Inilah saya…!!! Saya
hanya bisa berguman dalam hati, “untuntunglah Allah menyediakan seribu
kemungkinan nilai yang memungkinkan setiap orang tetap berpeluang mengolah
kegembiraan dan kebahagiaannya di posisi mana pun dan keadaan bagaimana pun.
Manusia diberi-Nya kesanggupan untuk beradaptasi terhadap situasi
bermacam-macam. Manusia dikasih-Nya darah, naluri, dan kecerdasan agar ia tetap
saja mampu menyelenggarakan kegembiraan dan kebahagiaan meskipun dengan suku
cadang yang terendah nilainya bisa menghasilkan ramuan kegembiraan dan
kebahagiaan yang jauh melebihi taraf kegembiraan dan kebahagiaan yang dirajut
dengan suku cadang mewah”
“Manusia bekerja keras,
mengobankan harga diri dan kemanusiaannya untuk memperoleh sejumlah suku cadang
yang mungkin berupa uang, harta benda, atau jabatan yang diperhitungkan akan
bisa dipakai untuk menanak kegembiraan serta kebahagiaan. Sebagian
memperolehnya, antara lain; dengan cara menggorok manusia-manusia lain. Tetapi
peningkatan nilai suku cadang itu tidak berbanding sejajar dengan kadar
kegembiraan dan kebahagiaan yang dirindukannya.

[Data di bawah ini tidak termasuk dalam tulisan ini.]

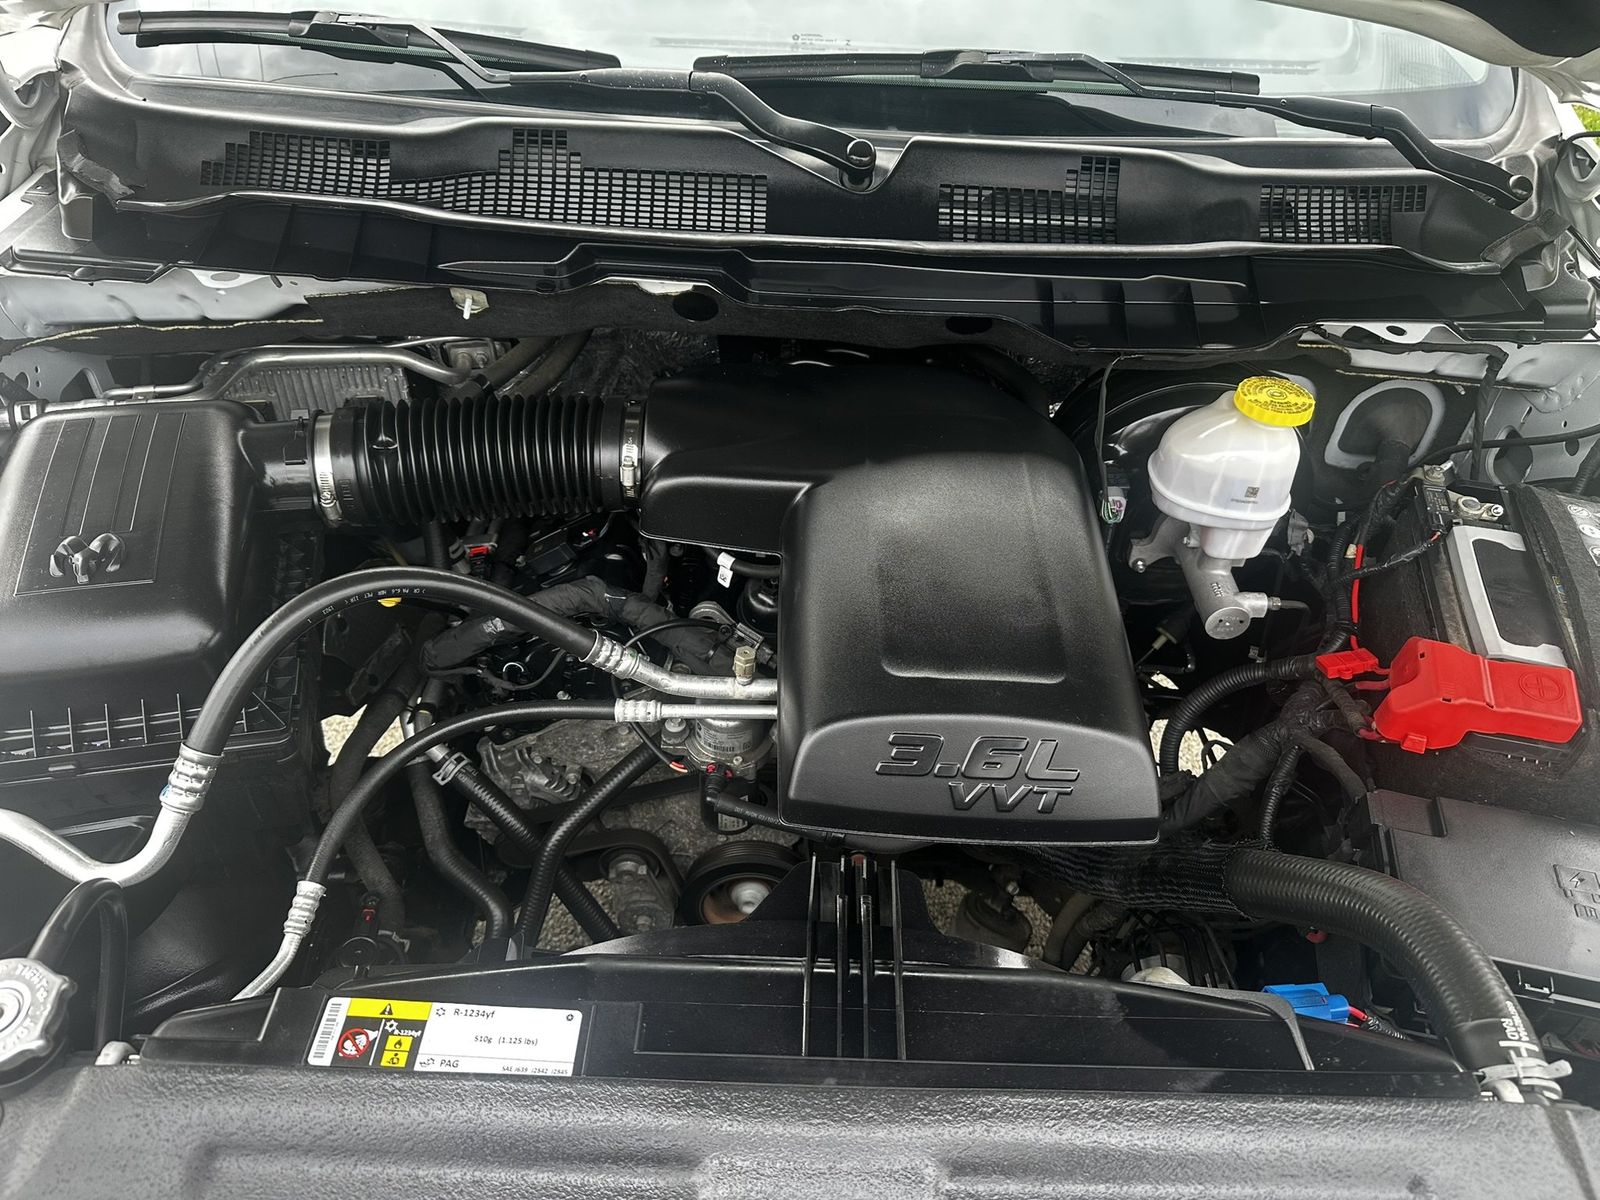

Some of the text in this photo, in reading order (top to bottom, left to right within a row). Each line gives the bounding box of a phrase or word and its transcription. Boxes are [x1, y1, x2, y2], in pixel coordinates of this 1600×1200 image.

[875, 732, 1080, 781] 3.6L
[948, 781, 1074, 813] VVT
[453, 1008, 495, 1019] R-1234yf
[1500, 1018, 1520, 1040] RAD
[498, 1036, 522, 1045] (1.125
[524, 1037, 538, 1046] lbs)
[439, 1058, 460, 1068] PAG
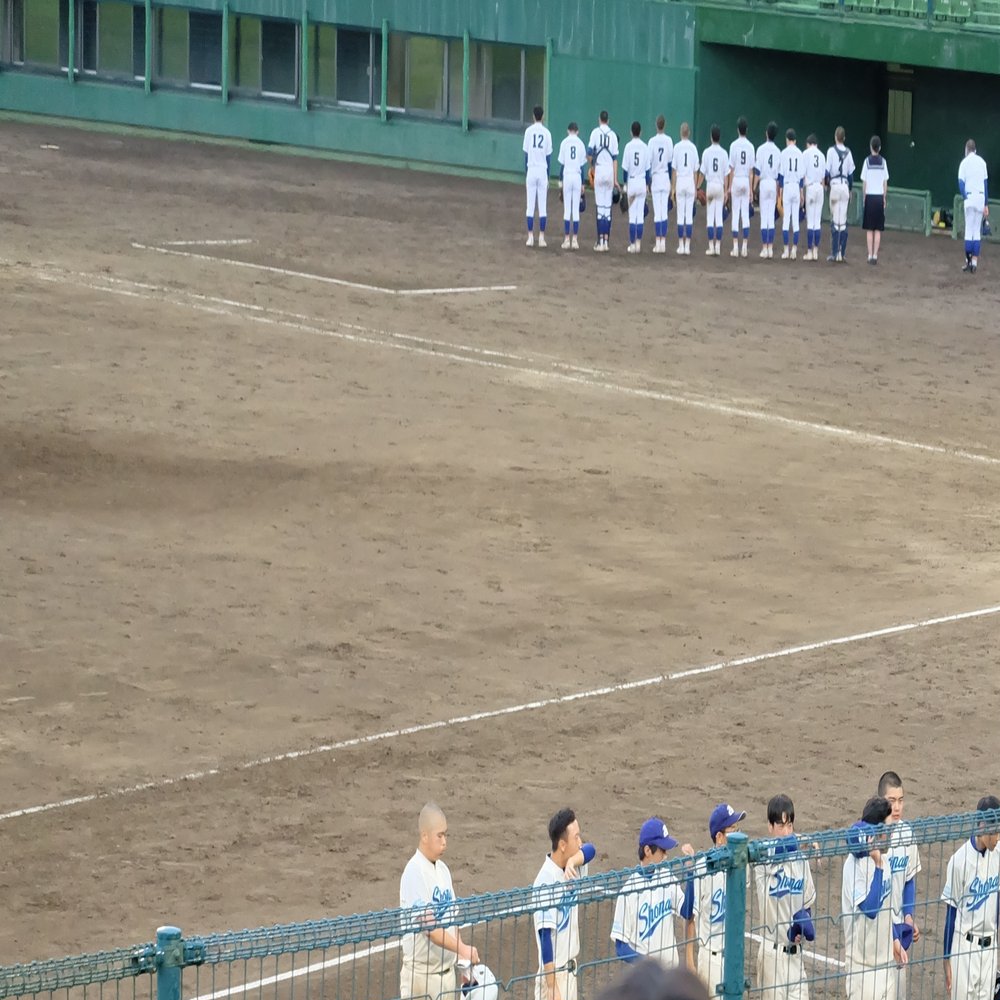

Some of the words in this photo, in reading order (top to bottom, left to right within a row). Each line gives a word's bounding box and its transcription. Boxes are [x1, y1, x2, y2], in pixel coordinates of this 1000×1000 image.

[532, 134, 544, 149] 12
[570, 146, 577, 160] 8
[634, 152, 639, 167] 5
[658, 147, 664, 162] 7
[684, 153, 688, 167] 1
[740, 151, 746, 165] 9
[712, 158, 719, 172] 6
[767, 154, 773, 168] 4
[788, 158, 798, 172] 11
[813, 155, 819, 168] 3
[966, 876, 1000, 911] Shona
[638, 898, 673, 941] Shona

Pada saat banyak gejala, bahkan mereka berbanding terbalik. Kalau kita
telah memiliki tingkat harta yang tinggi, ketika seseorang menyodori kita uang
sepuluh ribu rupiah, tak terasa oleh kita. Tetapi yang itu sangat besar artinya
jika kita cukup melarat. Makin miskin kita, makin berarti semua uang dan harta
benda. Makin kaya kita, kekayaan makin tak terasa. Sehingga, kalau manusia
berakal sehat, ia akan cenderung memilih miskin, asal jangan sampai fakir…”
Untuk itu, saya mencoba
untuk menempelkan diri saya bersama orang-orang lain yang jika ditanya siapa
dia, menjawab: “Aku seorang master”, “Aku seorang profesor”, “Aku seorang PNS”,
“Aku pejabat”, atau apa pun. Sehingga saya “bukan” saya, sebab saya hanya
sebatas perjanjian di antara orang-orang yang mengenal saya. Bahkan mungkin tak
seorang pun mengenali saya yang sebenarnya.
Saya sekedar seorang
manusia, hanyalah sesuatu yang diizinkan Allah untuk menjadi seorang manusia.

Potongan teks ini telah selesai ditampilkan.